Visceral surface oxygen tension in experimental colitis in the rabbit.

The impairment of bowel healing that is characteristic of inflammatory bowel disease (IBD) is poorly understood. Because bowel healing is related to the adequacy of perfusion in other circumstances, we studied bowel surface oxygen tension (PSO2), which is related to bowel perfusion, in rabbits with IBD. Both cell-mediated (n = 17) and immune complex-mediated (n = 10) colitis caused marked attenuation of colon PSO2. Control (n = 13) left colon PSO2 was 36 +/- 5 (SEM) torr. In mild colitis, left colon PSO2 fell to 11 +/- 5 torr, and in severe colitis it fell to 4 +/- 1 torr (p less than 0.01 for each compared with control).
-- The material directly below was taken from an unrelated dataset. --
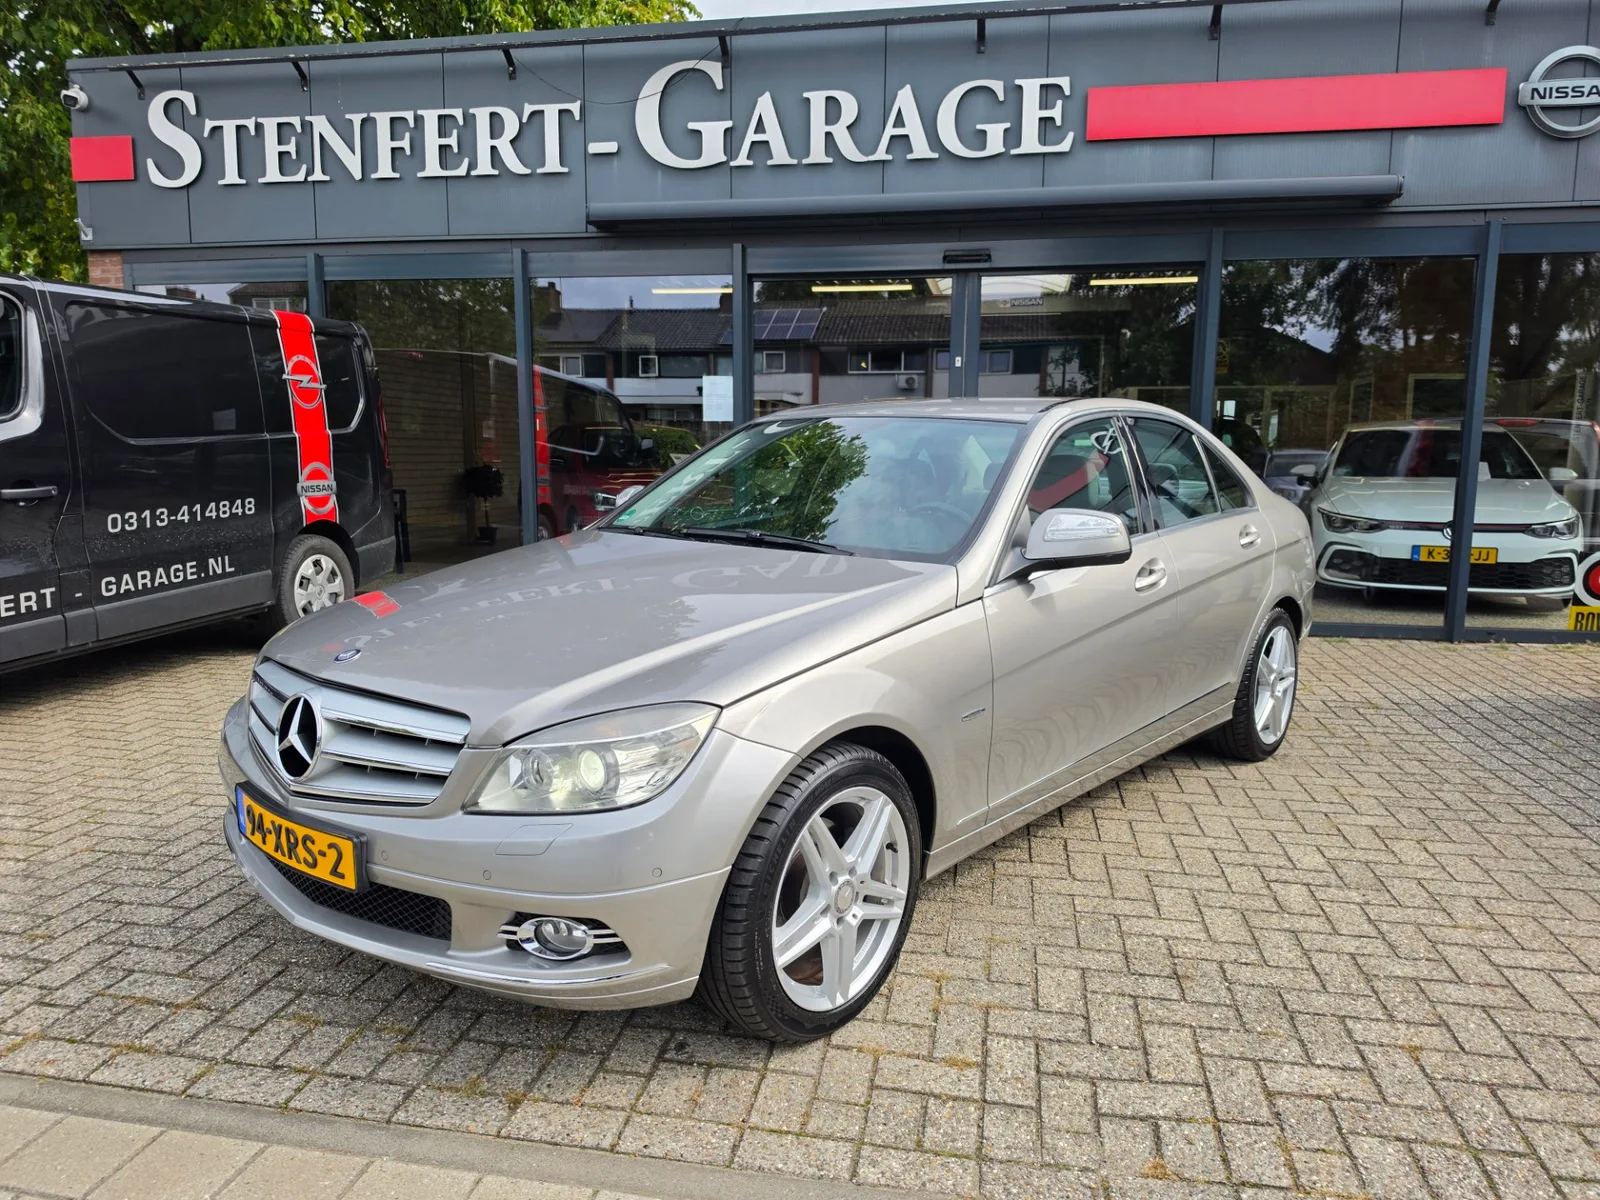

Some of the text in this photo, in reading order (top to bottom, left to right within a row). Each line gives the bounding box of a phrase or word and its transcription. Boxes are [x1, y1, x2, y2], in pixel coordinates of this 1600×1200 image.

These changes occurred irrespective of the mechanism of induction of colitis. Gastric and small intestinal PSO2 were unaffected. Hepatic and renal PSO2 were decreased in severe colitis only. The presence of decreased PSO2 was a better marker for the presence of IBD than was histologic evaluation. It is suggested that attenuation of PSO2 may be a marker for the physiologic activity of IBD. If this is so, PSO2 may prove a useful adjunct in the operative management of IBD.